Richard M. Cowling, Ph.D.
- Title
- Research Professor
- Address
-
Nelson Mandela Metropolitan University
Summerstrand Campus (South) - City, State, ZIP
- P.O. Box 77000, Port Elizabeth 6031
- Country
- South Africa
- [email protected]
- Award year
- 1994
Research
Project Details
Cowling utilized his Pew award to develop an extension program for communicating the economic and cultural benefits of the preservation and sustainable use of the extraordinarily diverse Cape Floral Kingdom (CFK) to multiple stakeholder groups throughout the area and internationally.
The CFK includes the highest known concentration of Red Data Book plant taxa in the world and it is well documented that the major threat to the region's biodiversity is alien invasive trees and shrubs.
Another threat, however, is the a lack of appreciation by all sectors of the population of the numerous benefits of the region's biodiversity. Through the Institute for Plant Conservation, Cowling has institutionalized outreach efforts in the area. To accomplish this, much of his emphasis was to employ ecological economics to assess and value the biodiversity and ecosystem services of the region including: the ecological and economic impacts of alien plants in fynbos ecosystems; the importance of the flora and vegetation of the CFK as an ecotourism resource and the benefits of establishing reserve systems in lowland fynbos and succulent karoo.

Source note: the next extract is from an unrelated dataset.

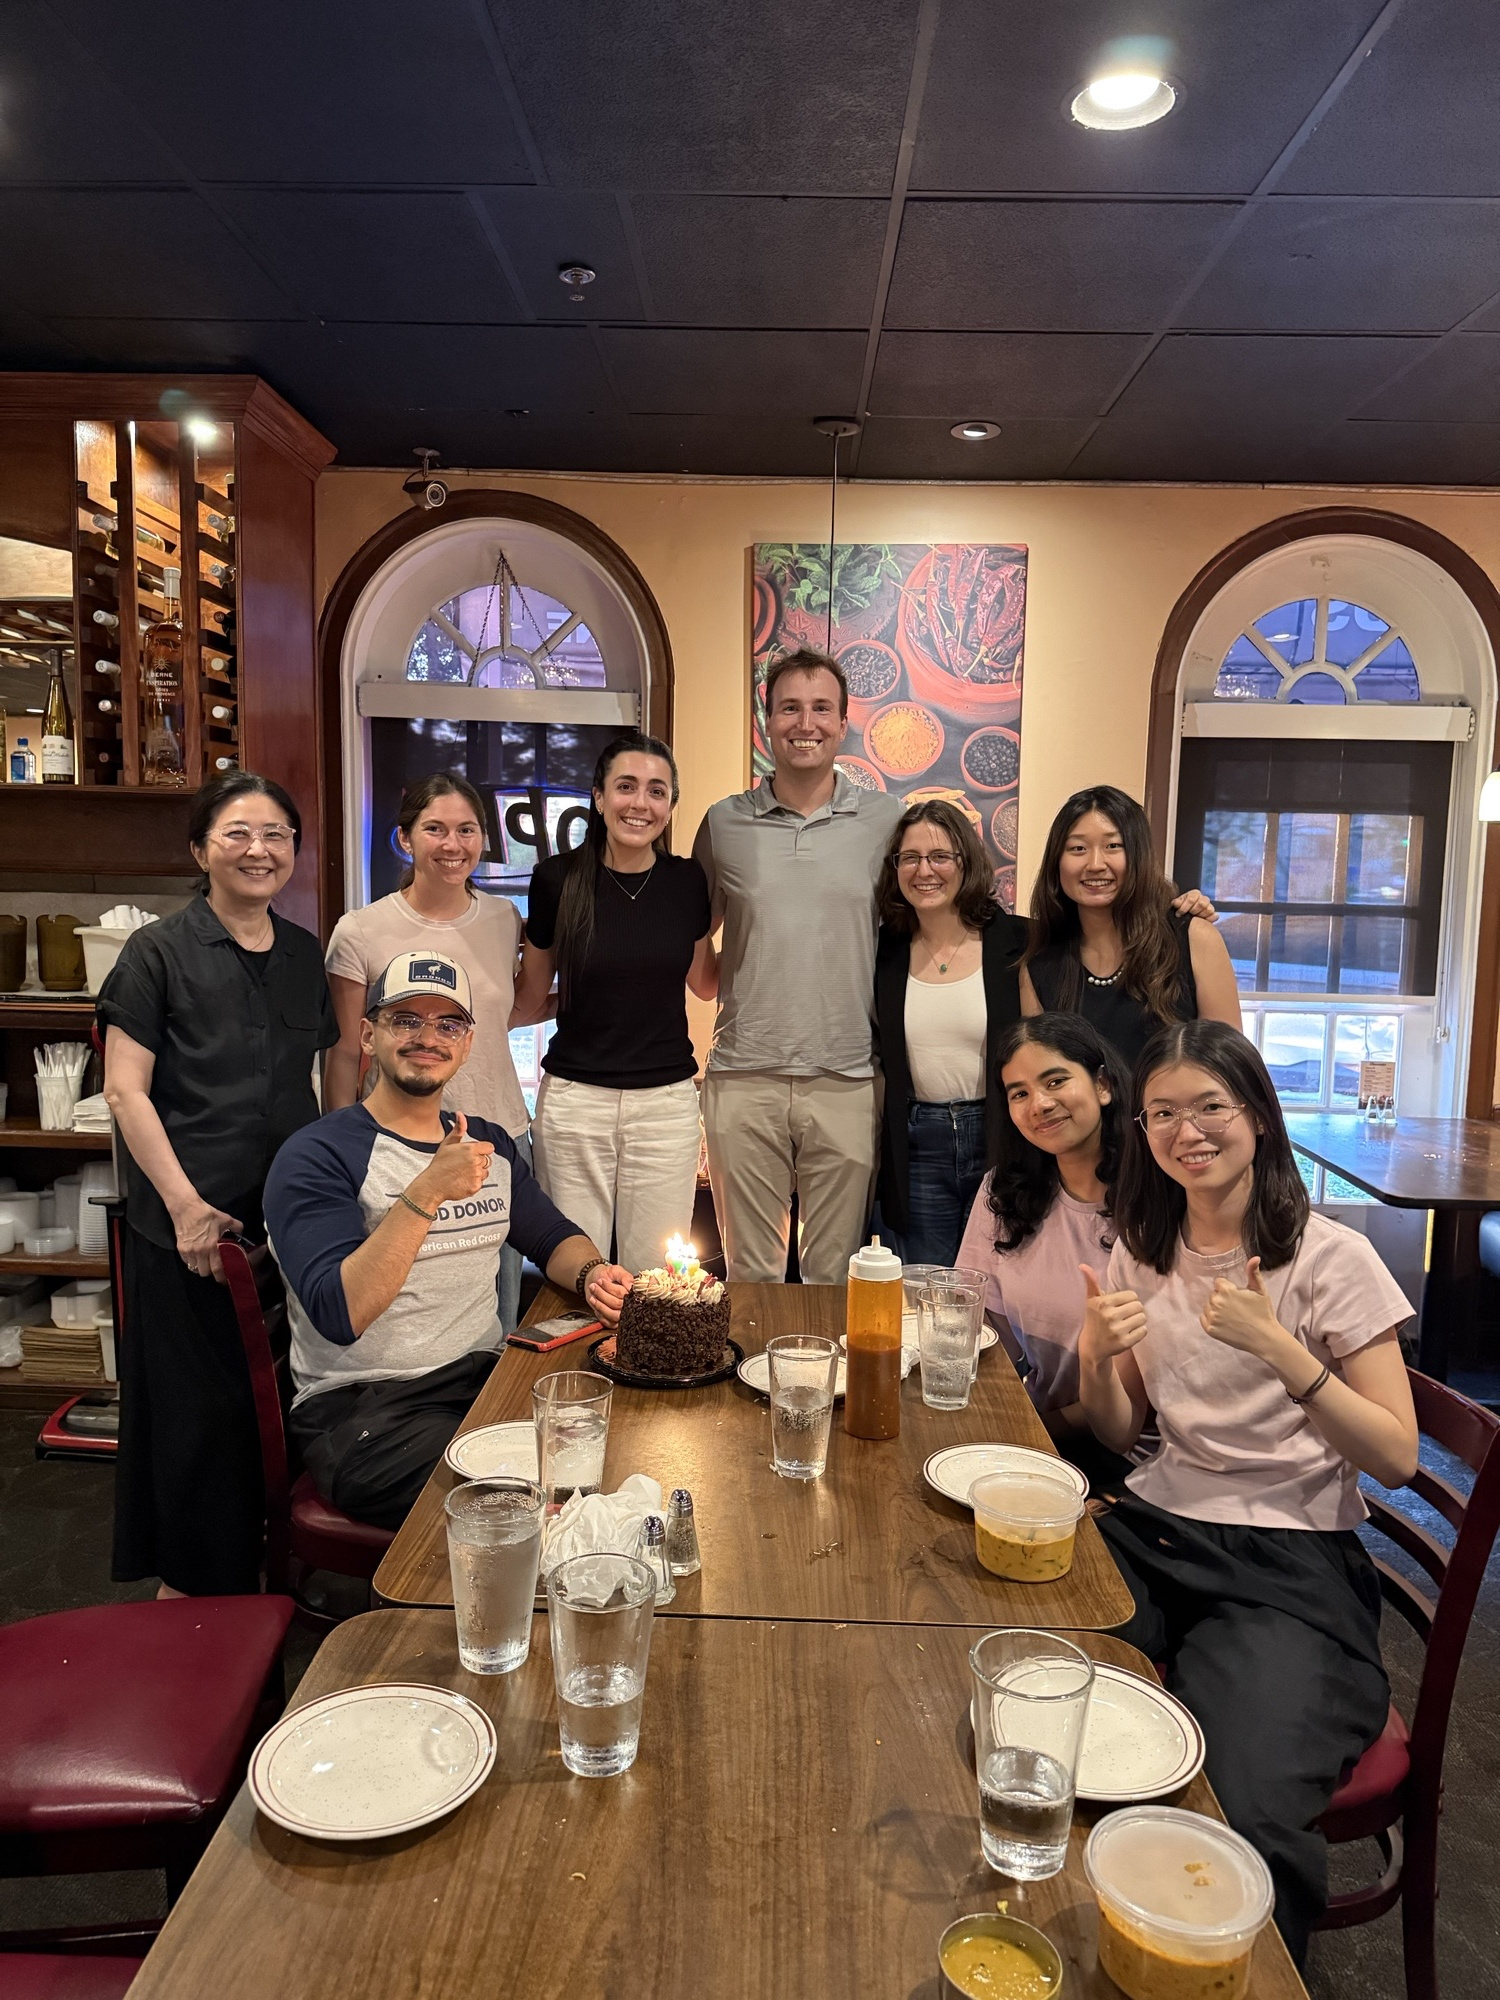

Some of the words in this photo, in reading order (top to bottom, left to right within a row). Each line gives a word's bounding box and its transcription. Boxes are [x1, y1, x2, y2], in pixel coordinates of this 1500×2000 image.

[452, 1197, 507, 1220] DONOR
[419, 1241, 457, 1252] erican
[458, 1236, 478, 1248] Red
[478, 1232, 501, 1244] Cross

These activities contributed to numerous outcomes. The "Working for Water Project" was initiated by the Department of Water Affairs and Forestry after Cowling presented an audiovisual show about the importance of removing alien plants from mountain watersheds. Research has shown that in alien-infested catchment areas water production can be reduced by as much as 50-80 percent. The Working for Water Project, designed as both a poverty alleviation and conservation program, has employed more than 30,000 people in 200 projects to remove alien vegetation in all of South Africa's nine provinces.

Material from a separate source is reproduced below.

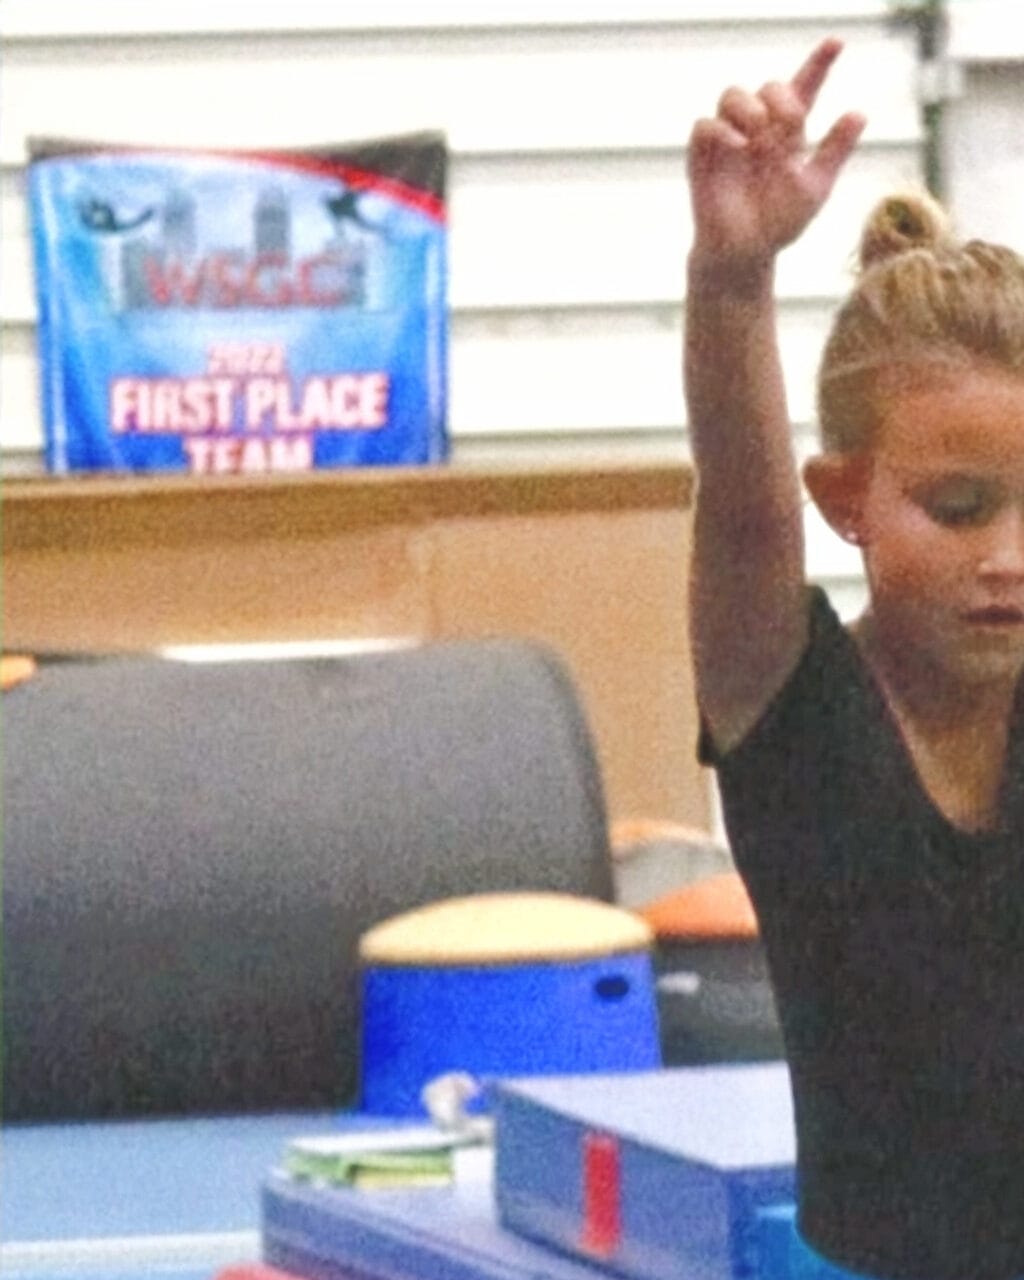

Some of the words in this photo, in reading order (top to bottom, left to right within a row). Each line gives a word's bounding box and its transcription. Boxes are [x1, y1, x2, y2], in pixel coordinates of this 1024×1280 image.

[110, 377, 236, 433] FIRST
[245, 372, 389, 432] PLACE
[184, 435, 313, 473] TEAM
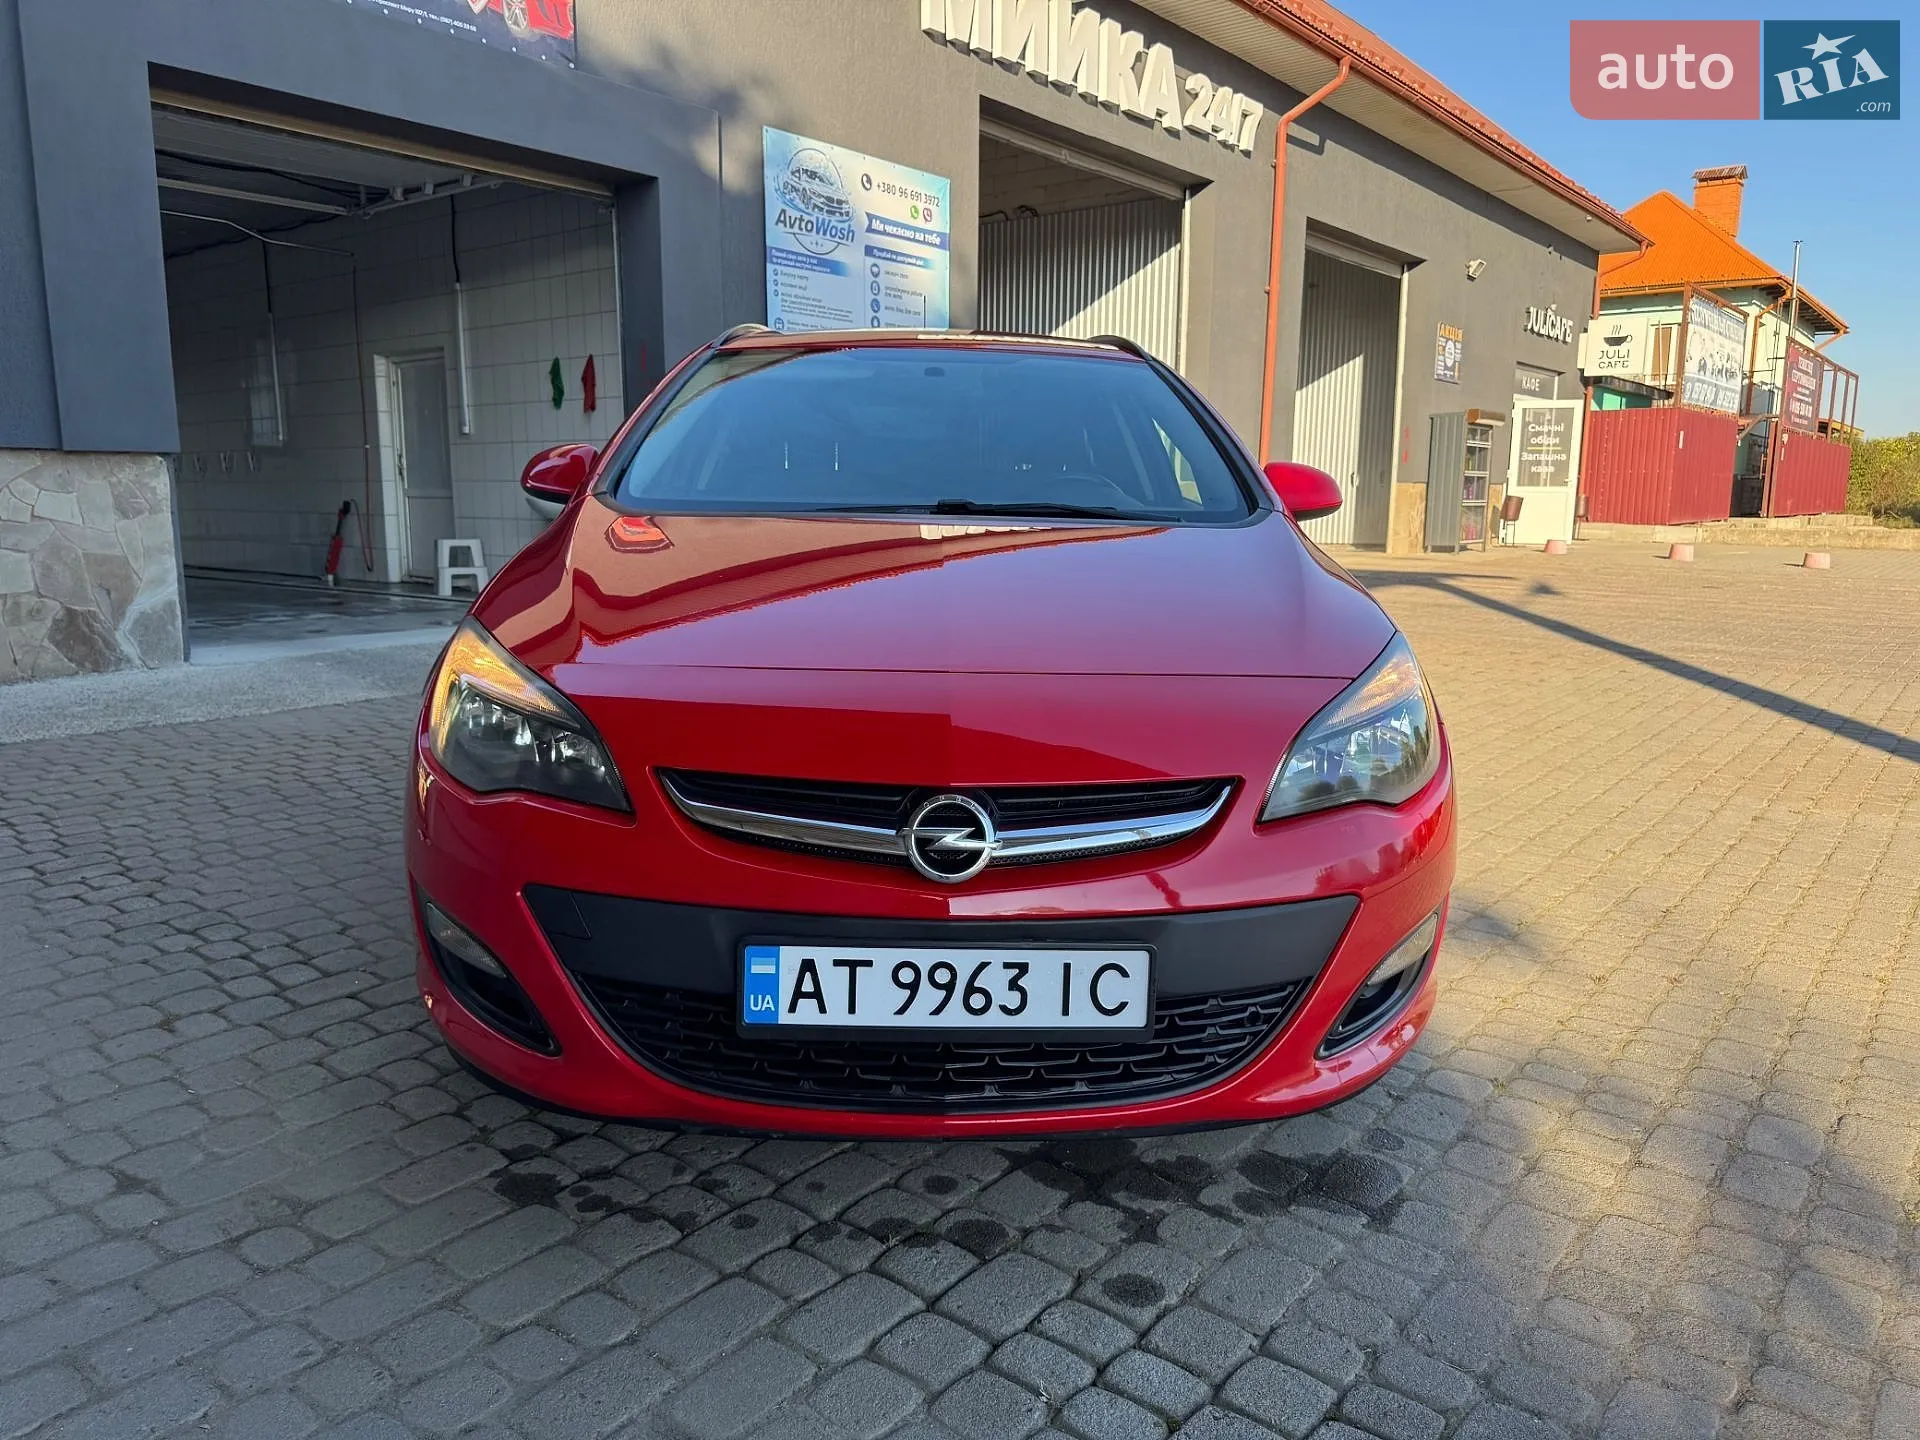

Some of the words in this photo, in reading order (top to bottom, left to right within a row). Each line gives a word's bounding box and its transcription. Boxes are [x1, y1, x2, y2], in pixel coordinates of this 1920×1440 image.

Cowling has applied various media and the initiation of tours to demonstrate the economic value of ecotourism to different sectors of society and to popularize the greater Cape Flora. He has produced three books and numerous articles as well as many conservation planning documents. In addition, his fellowship efforts have resulted in the establishment of one national park and IPC is now aiding the formulation and planning for four additional protected areas.
Biography
Richard Cowling has devoted a majority of his efforts over the last decade to the conservation and management of plant biodiversity in the species-rich Cape Floral Kingdom of South Africa. He launched the Institute for Plant Conservation (IPC) in 1992 and in studies through 1997 Cowling and his collaborators focused on the fundamental differences in the growth form mix and species-richness between winter-rainfall (fire-prone) fynbos and succulent karoo communities and summer-rainfall karroid and non-fire-prone vegetation. The major contribution of this research has been to demonstrate the importance of, and interaction between, contemporary and historical ecological processes in explaining patterns of diversity at different scales.
IPC research for the period 1998-2002 focuses on three major issues: optimal reserve systems in the succulent karoo; community structure, plant form and function and disturbance ecology in the Namaqualand-Namib domain of the succulent karoo; and patterns, rates of spread and ecological and economic impacts of alien plant species in fynbos ecosystems.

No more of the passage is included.